▸ About this exercise
Your output should reproduce each entry exactly, with none of its pictures.

▸ Material supplied
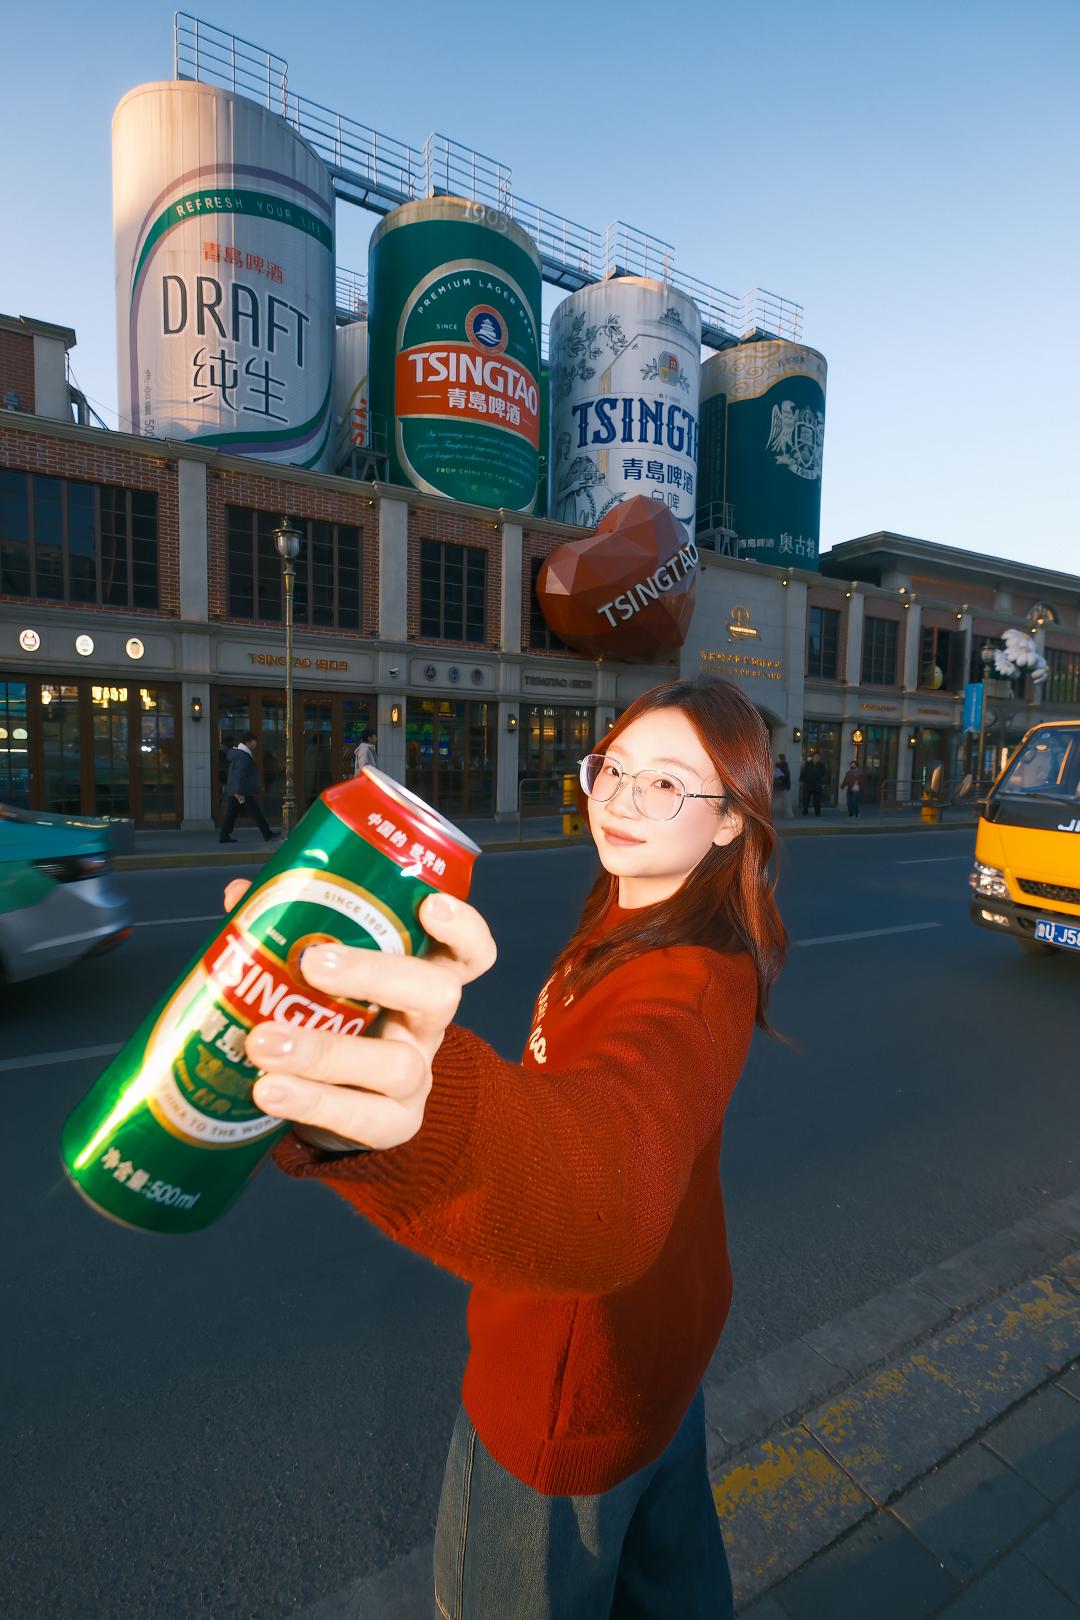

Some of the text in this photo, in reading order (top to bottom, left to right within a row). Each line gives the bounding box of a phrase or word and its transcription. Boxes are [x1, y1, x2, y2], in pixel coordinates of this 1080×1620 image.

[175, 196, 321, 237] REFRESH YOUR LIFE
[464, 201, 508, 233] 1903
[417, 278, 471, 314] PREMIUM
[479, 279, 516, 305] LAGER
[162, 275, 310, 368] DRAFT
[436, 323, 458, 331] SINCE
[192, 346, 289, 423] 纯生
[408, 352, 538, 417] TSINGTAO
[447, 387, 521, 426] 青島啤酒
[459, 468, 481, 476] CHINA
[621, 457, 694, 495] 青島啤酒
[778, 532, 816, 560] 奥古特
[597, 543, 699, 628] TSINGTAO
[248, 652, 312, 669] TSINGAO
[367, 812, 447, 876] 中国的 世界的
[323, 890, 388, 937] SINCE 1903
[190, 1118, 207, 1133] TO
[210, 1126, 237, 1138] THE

▸ Answer section
Some of the text in this photo, in reading order (top to bottom, left to right within a row). Each line gives the bounding box of a phrase or word and its transcription. Boxes are [x1, y1, x2, y2], in pixel coordinates of this 1080×1620 image.

[175, 196, 321, 237] REFRESH YOUR LIFE
[464, 201, 508, 233] 1903
[417, 278, 471, 314] PREMIUM
[479, 279, 516, 305] LAGER
[162, 275, 310, 368] DRAFT
[436, 323, 458, 331] SINCE
[192, 346, 289, 423] 纯生
[408, 352, 538, 417] TSINGTAO
[447, 387, 521, 426] 青島啤酒
[459, 468, 481, 476] CHINA
[621, 457, 694, 495] 青島啤酒
[778, 532, 816, 560] 奥古特
[597, 543, 699, 628] TSINGTAO
[248, 652, 312, 669] TSINGAO
[367, 812, 447, 876] 中国的 世界的
[323, 890, 388, 937] SINCE 1903
[190, 1118, 207, 1133] TO
[210, 1126, 237, 1138] THE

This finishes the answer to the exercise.